Wherein, the labeling of the diastolic data and the systolic data respectively comprises:

marking the diastolic data and the systolic data manually, and marking the coronary image data of each frame manually; or, the quick labeling is performed by image data with cardiac cycle data.

The data acquisition module 23 is configured to acquire cardiac cycle data of the specific coronary vessel image according to a cardiac cycle database.

The recognition module 3 is configured to select, from multiple frames of blood vessel contour images, a plurality of sub-blood vessel contour images with a front definition as key frame blood vessel contour images according to the definition of the blood vessel contour images. Preferably, the requirement of the invention can be met by selecting one of the most clear blood vessel contour images in each group of multi-frame blood vessel contour images as a key frame blood vessel contour image.

The processing module 4 is configured to divide the cardiac cycle data in one cardiac cycle into several parts according to a preset time period, preferably, divide the cardiac cycle data into four parts, and at least one diastole and one systole in the preset time period. Further, the processing module 4 is specifically configured to perform image processing on the key frame blood vessel contour image to obtain a cardiac cycle model map; measuring the maximum vessel diameter and the minimum vessel diameter of the vessel of interest at the same time in the target area according to the cardiac cycle data diagram; and/or vessel diameters at different times at the same location of the vessel of interest. The present embodiment is described by taking a diameter as an example, but the present invention is not limited to this diameter parameter, and includes parameters such as FFR value of blood vessel, area of blood vessel, volume, and the like.

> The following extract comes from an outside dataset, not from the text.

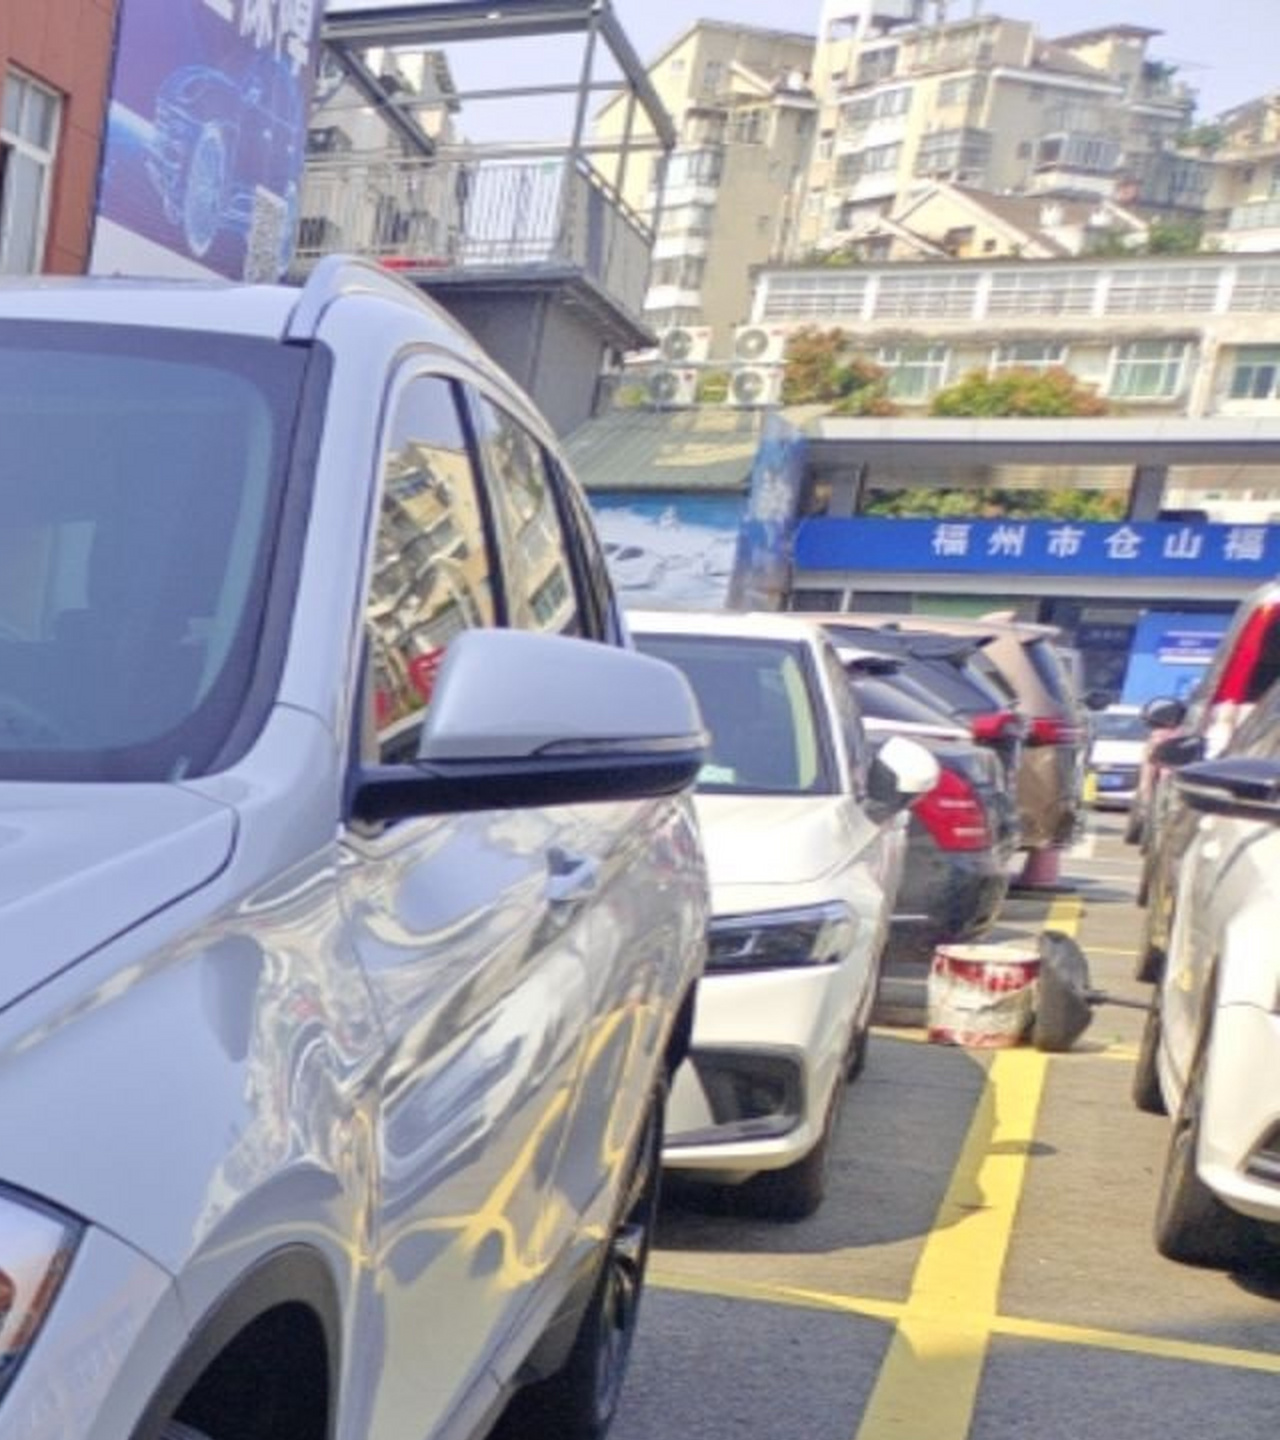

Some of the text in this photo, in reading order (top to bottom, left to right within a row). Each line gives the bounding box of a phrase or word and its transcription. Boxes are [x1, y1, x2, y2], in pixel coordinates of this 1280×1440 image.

[931, 523, 1267, 561] 福州市仓山福

Further, the cardiac cycle data includes: labeling the blood vessel of interest in the blood vessel of the target area according to the coronary image data, so that the labeled blood vessel is subjected to key observation contrast.

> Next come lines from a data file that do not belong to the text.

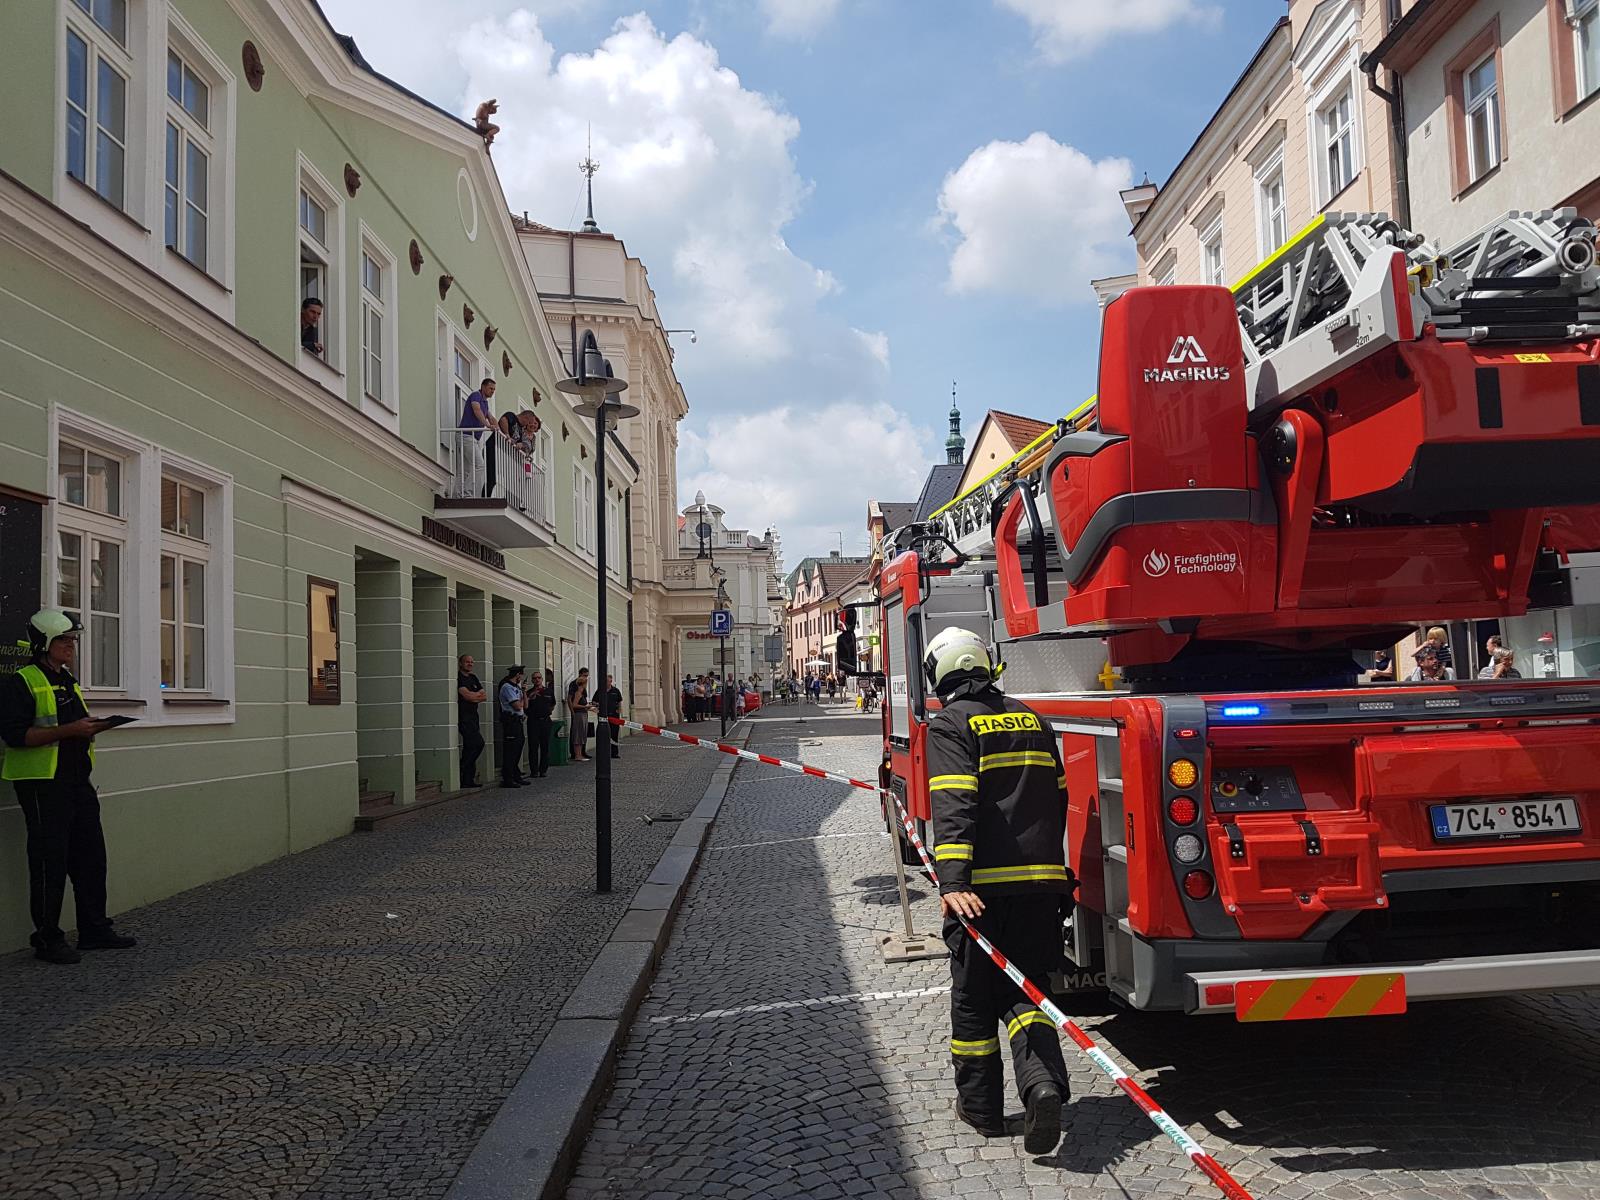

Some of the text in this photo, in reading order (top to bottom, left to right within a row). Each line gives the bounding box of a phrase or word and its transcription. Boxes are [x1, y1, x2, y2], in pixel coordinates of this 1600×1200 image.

[1143, 366, 1230, 383] MAGIRUS
[1174, 552, 1236, 566] Firefighting
[1174, 562, 1236, 574] Technology
[715, 613, 726, 628] P
[973, 714, 1040, 732] HASIČI
[1451, 802, 1567, 833] 7C4 8541
[1437, 824, 1449, 834] CZ
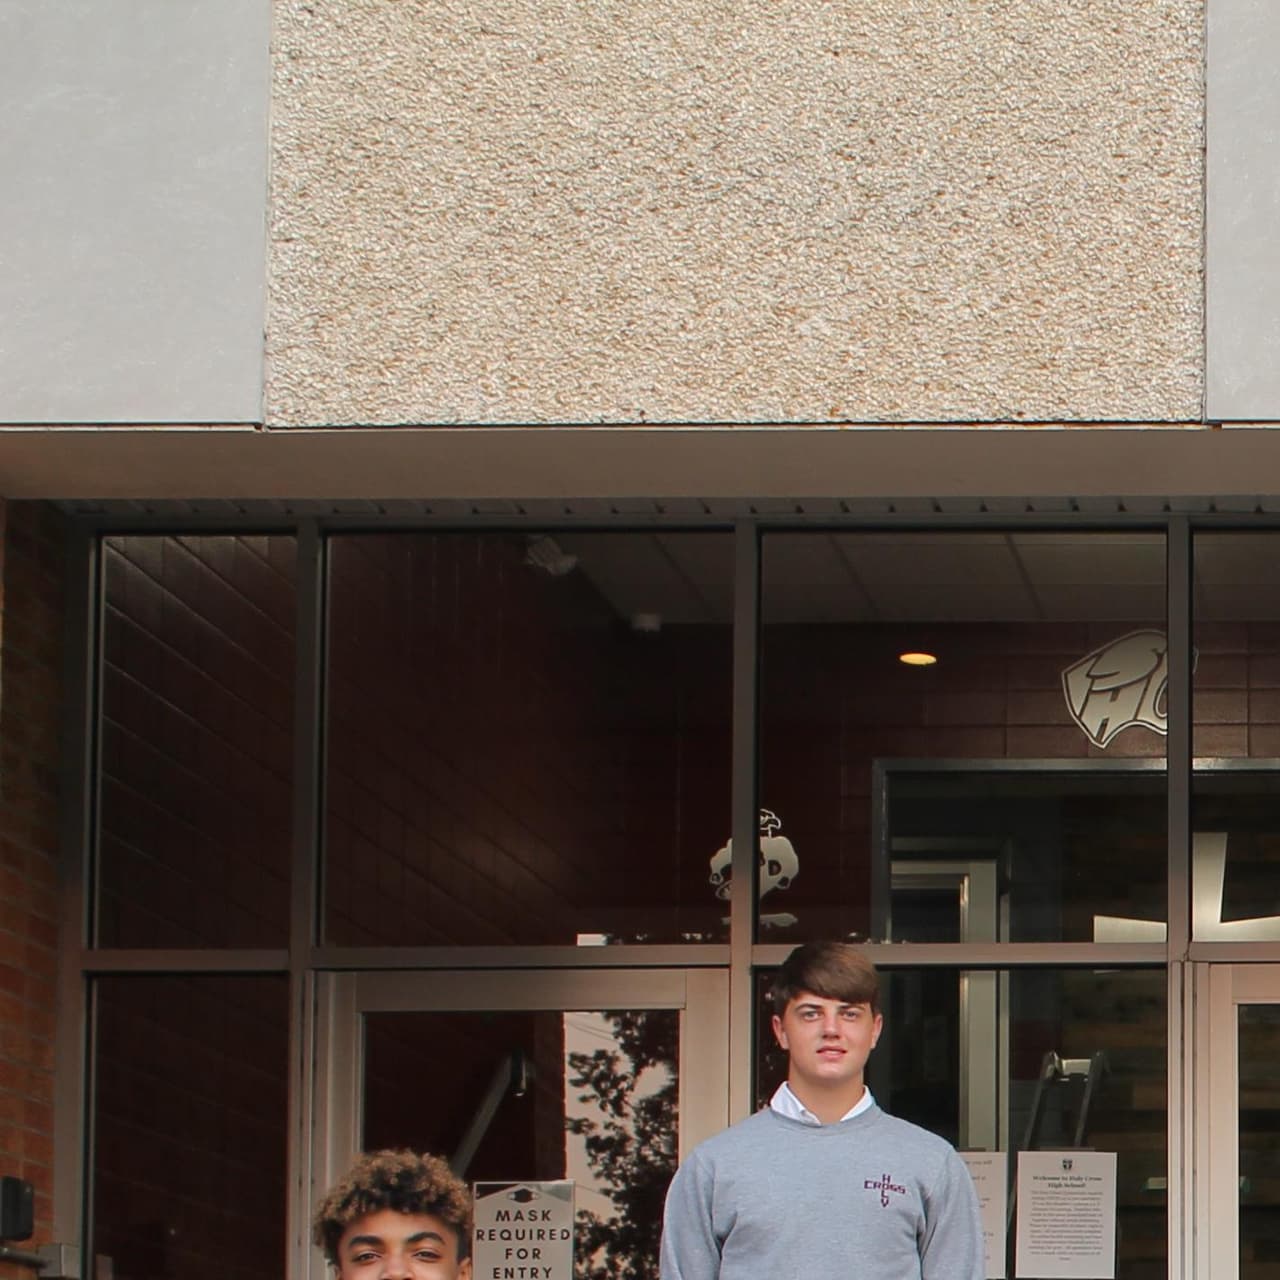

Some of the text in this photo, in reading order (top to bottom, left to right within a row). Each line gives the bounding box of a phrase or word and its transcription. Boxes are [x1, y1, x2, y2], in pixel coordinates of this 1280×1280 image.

[495, 1209, 552, 1222] MASK
[475, 1228, 571, 1241] REQUIRED
[504, 1247, 542, 1260] FOR
[492, 1266, 553, 1280] ENTRY

Preferably, the processing module 4 in the present invention is configured to divide the cardiac cycle data in one cardiac cycle into several parts according to a preset period of time.

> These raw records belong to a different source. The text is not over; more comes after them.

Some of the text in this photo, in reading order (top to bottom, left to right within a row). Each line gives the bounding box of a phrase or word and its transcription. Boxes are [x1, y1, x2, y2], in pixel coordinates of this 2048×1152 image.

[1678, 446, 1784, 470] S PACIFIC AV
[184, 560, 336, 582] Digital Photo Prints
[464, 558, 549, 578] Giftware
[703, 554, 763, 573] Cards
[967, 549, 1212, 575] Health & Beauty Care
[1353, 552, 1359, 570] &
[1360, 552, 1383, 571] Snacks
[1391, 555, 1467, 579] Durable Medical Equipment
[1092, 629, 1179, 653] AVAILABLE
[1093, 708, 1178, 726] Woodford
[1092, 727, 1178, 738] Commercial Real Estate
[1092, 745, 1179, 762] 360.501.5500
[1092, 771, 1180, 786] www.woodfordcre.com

Specifically, the processing module 4 is specifically configured to perform image processing on the key frame blood vessel contour image to obtain a cardiac cycle model map;

measuring the maximum vessel diameter and the minimum vessel diameter of the vessel of interest at the same time in the target area according to the cardiac cycle data diagram; and/or vessel diameters at different times at the same location of the vessel of interest.

In the present invention, the display module 5 is capable of simultaneously displaying a plurality of areas, each of which displays different types of image information.

By way of example, as shown in FIG. 4, four regions may be displayed, each of which may display different content:

a first display area: the data has a linkage effect with the display data of the rest of the display areas for the overall situation of the specific coronary blood vessel. The image is an enlarged image of a key frame blood vessel contour image selected by a feature in the second display area, for example, in fig. 4, the second image is displayed in the first display area.

It should be noted that, the outline and length of the blood vessel of interest in the image of the whole condition of the coronary blood vessel can be adjusted, so as to make manual fine adjustment under the condition of inaccurate automatic detection.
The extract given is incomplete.